Raptor Computing Systems Hardware => Talos II => Topic started by: DKnoto on December 01, 2023, 03:23:34 pm

Title: Talos II reboots itself
Post by: DKnoto on December 01, 2023, 03:23:34 pm
Since September I have been having problems with spontaneous reboots of my machine, it has happened four times. Recently it was very annoying, the machine rebooted over and over again without loading the operating system. Only removing the power plug helped.

I managed to take a picture of what the report looks like after such a fall:

https://www.dropbox.com/scl/fi/hk0zqvfjpidexnw7m1xln/Talos-II-2023-11-27-Crash.jpeg?rlkey=0jj34pjpv708zigt08kzfk3zl&dl=0

Any ideas what could cause this behavior?
Title: Re: Talos II reboots itself
Post by: Hasturtium on December 02, 2023, 06:09:33 pm
Looks like it might be tied to this (https://github.com/open-power/hostboot/issues/220), though I couldn’t say what’s triggering it… In any case it looks like updating the firmware to 2.18+ could mitigate the issue. I'm running a Blackbird, so I can't really provide further insight on this one. But I hope it helps.
Title: Re: Talos II reboots itself
Post by: ClassicHasClass on December 03, 2023, 10:33:41 pm
Not sure, but definitely worth having a connection open to the BMC and watching any activity. How far does it get through Hostboot?

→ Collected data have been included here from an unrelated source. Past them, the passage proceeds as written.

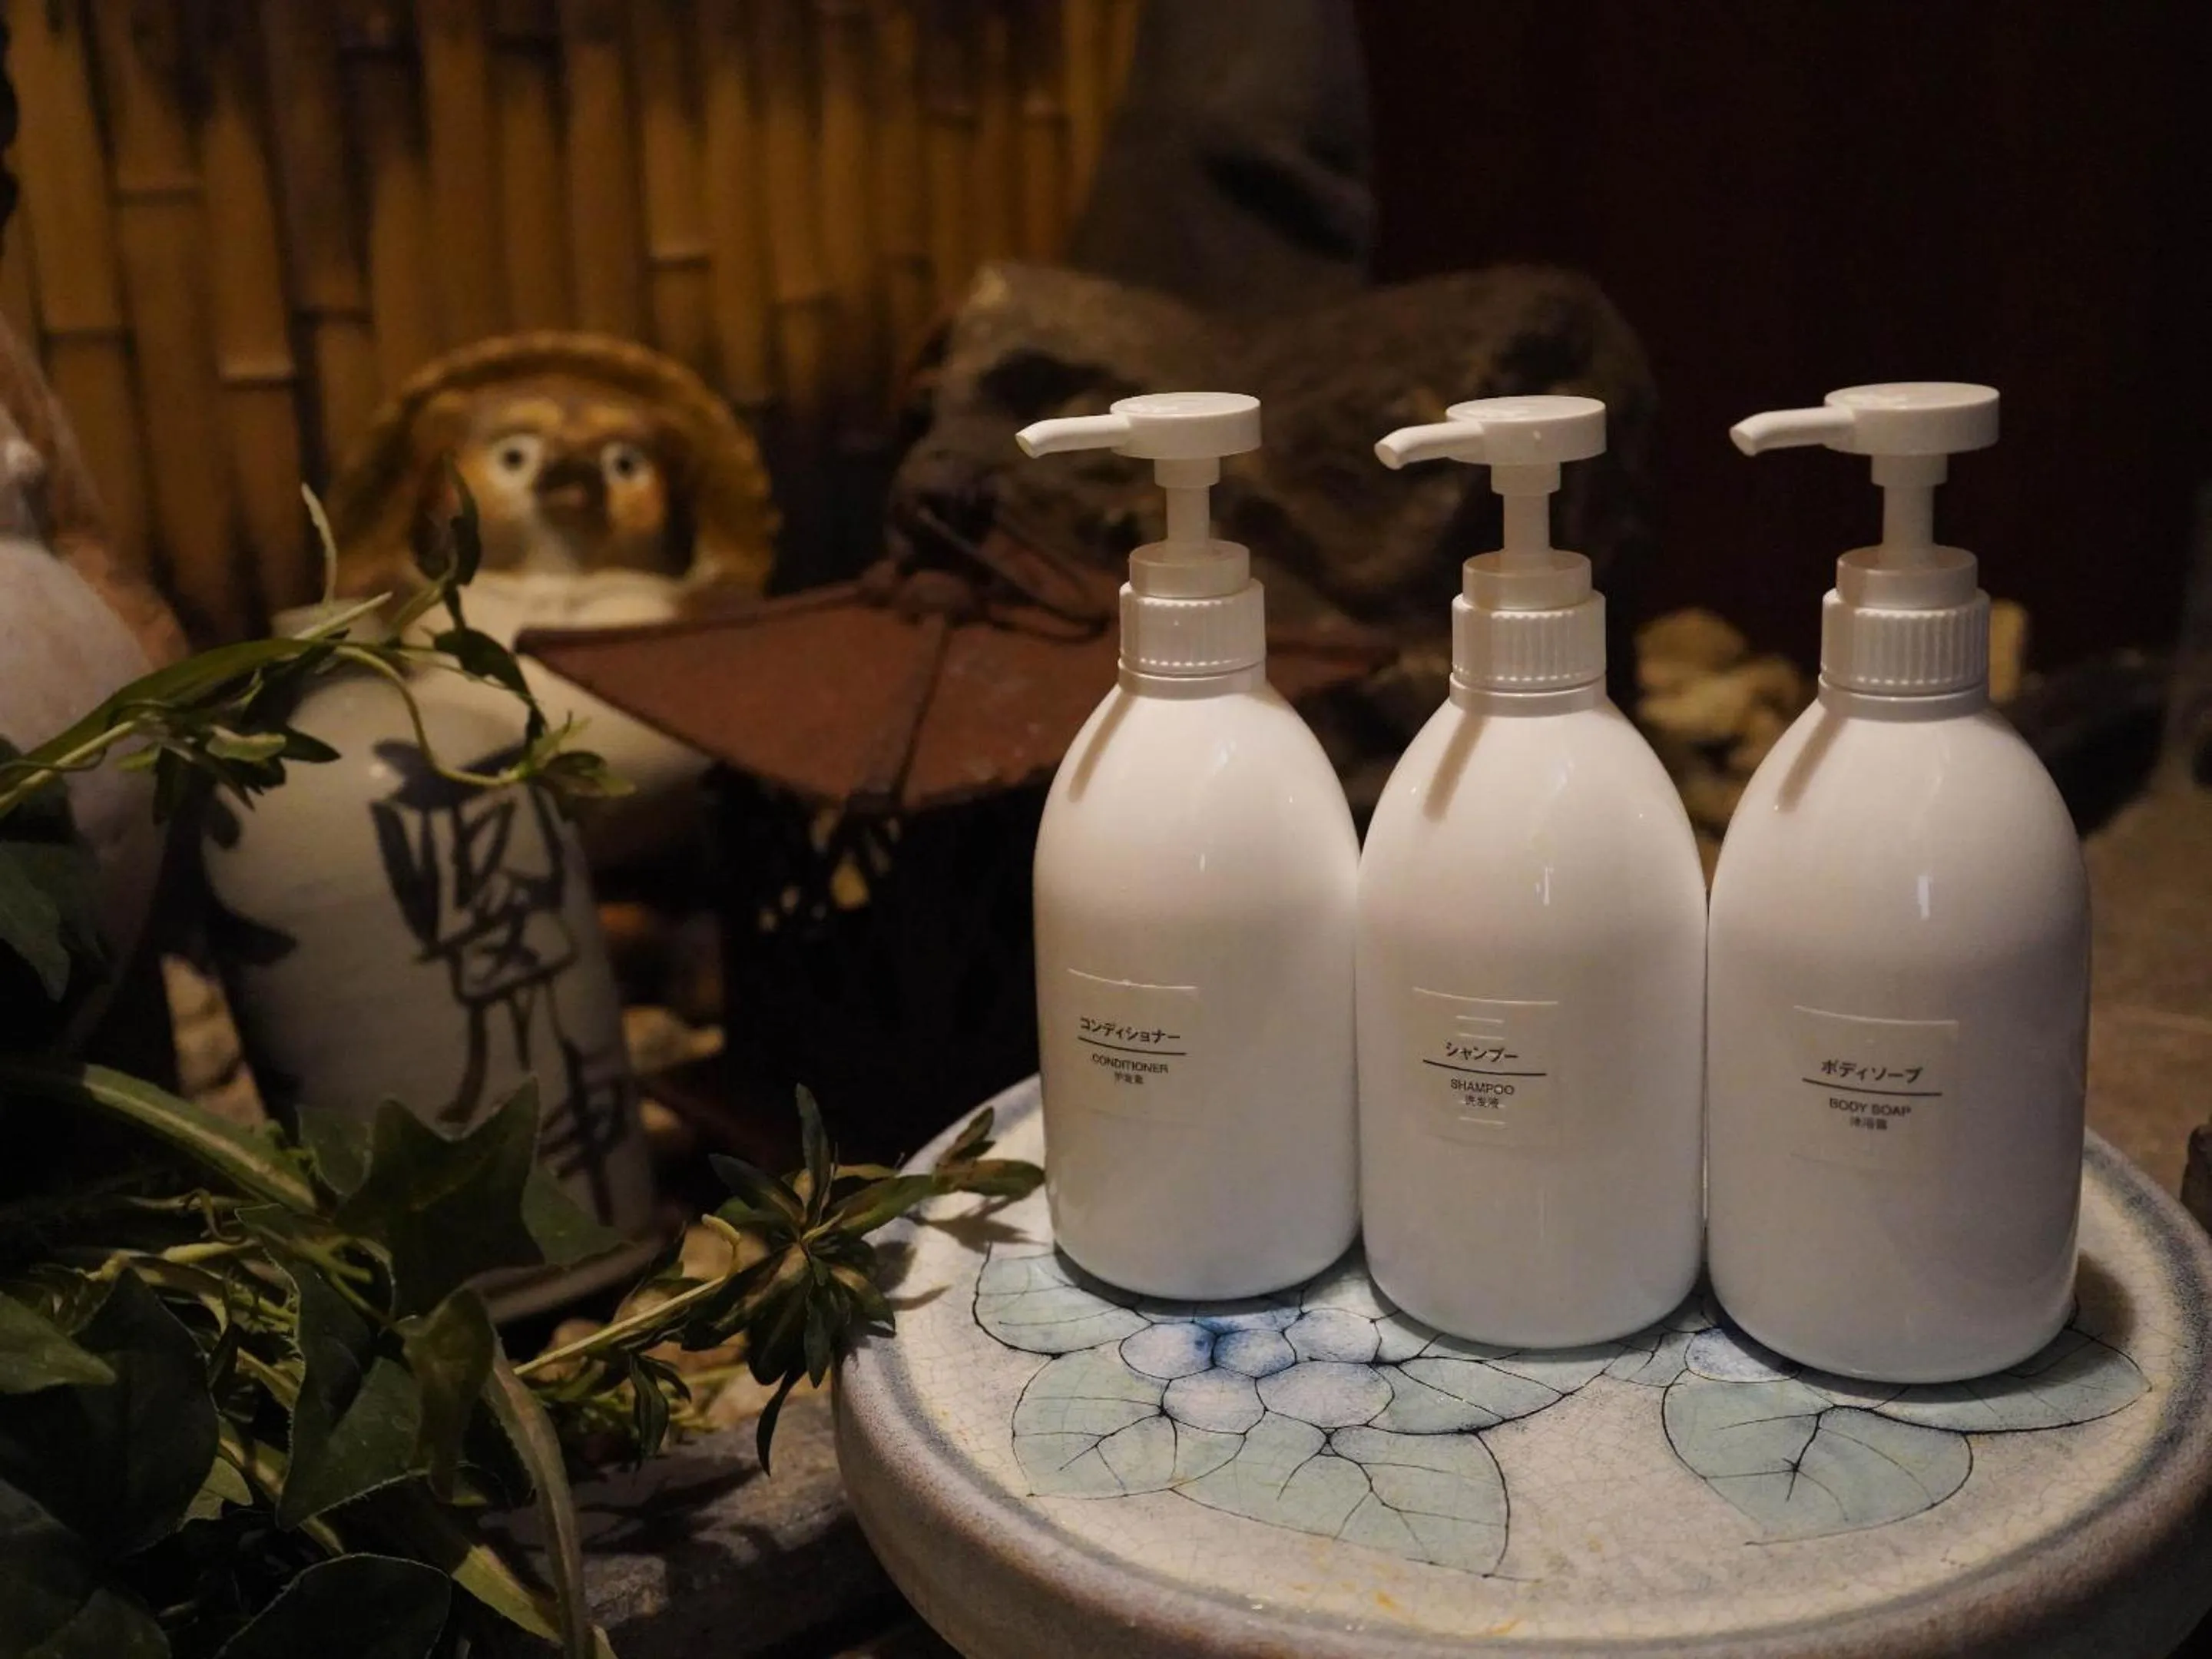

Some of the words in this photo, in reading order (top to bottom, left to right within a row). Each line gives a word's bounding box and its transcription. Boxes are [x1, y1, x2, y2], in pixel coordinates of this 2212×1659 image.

[1079, 1016, 1181, 1044] コンディショナー
[1445, 1041, 1519, 1063] シャンプー
[1091, 1053, 1169, 1074] CONDITIONER
[1820, 1058, 1924, 1084] ボディソープ
[1450, 1078, 1515, 1096] SHAMPOO
[1829, 1097, 1867, 1113] BODY
[1871, 1103, 1912, 1118] SOAP

Also, did anything guard out?
Title: Re: Talos II reboots itself
Post by: MPC7500 on December 07, 2023, 03:50:44 pm
I had the same problem some time ago. After a thunderstorm with a lightning strike. I had to re-flash the firmware.
It could also indicate a bad PSU, which happens surprisingly often.
Title: Re: Talos II reboots itself
Post by: DKnoto on December 08, 2023, 01:01:22 am
I have a power supply with a 10-year warranty ;) Thermaltake Toughpower TF1 1550W.
Title: Re: Talos II reboots itself
Post by: Hasturtium on December 08, 2023, 06:05:15 pm
I have a power supply with a 10-year warranty ;) Thermaltake Toughpower TF1 1550W.

Then that likely isn't it, though don't dismiss it outright. Have you considered re-flashing the firmware as MPC7500 suggested?
Title: Re: Talos II reboots itself
Post by: DKnoto on December 10, 2023, 02:02:21 am
Have you considered re-flashing the firmware as MPC7500 suggested?

Yes, I'm considering it but I'm a little afraid to mess something up. I've never done it and my Talos II is my critical resource at the moment.
Title: Re: Talos II reboots itself
Post by: MPC7500 on December 10, 2023, 06:07:32 am
It's pretty simple. You only have to update the BMC and the OpenPOWER firmware, not the FPGA.
https://wiki.raptorcs.com/wiki/Updating_Firmware
Title: Re: Talos II reboots itself
Post by: DKnoto on December 10, 2023, 02:08:19 pm
I think I need to hurry up, a while ago I had another crash. I wasn't doing anything in particular I was listening to music on YT and reading Twitter in Firefox. The worst part is that my FreeBSD in Qemu VM has destroyed again...  :(
Title: Re: Talos II reboots itself
Post by: ejfluhr on December 13, 2023, 06:11:40 pm
Is the error always on c4?   If yes, can you disable c4?   
Title: Re: Talos II reboots itself
Post by: DKnoto on January 11, 2024, 04:45:13 am
On the kernel 6.6.8-200.fc39.ppc64le I have recently had similar instances of reboots but they occurred when connecting a device to USB, printer, iPad. On kernel 6.6.9-200.fc39.ppc64le it has been correct for two days.
Title: Re: Talos II reboots itself
Post by: DKnoto on January 15, 2024, 01:26:10 am
Over the past four days on kernel 6.6.9-200, I have made more than a dozen attempts to connect various devices to USB ports and the situation has not repeated.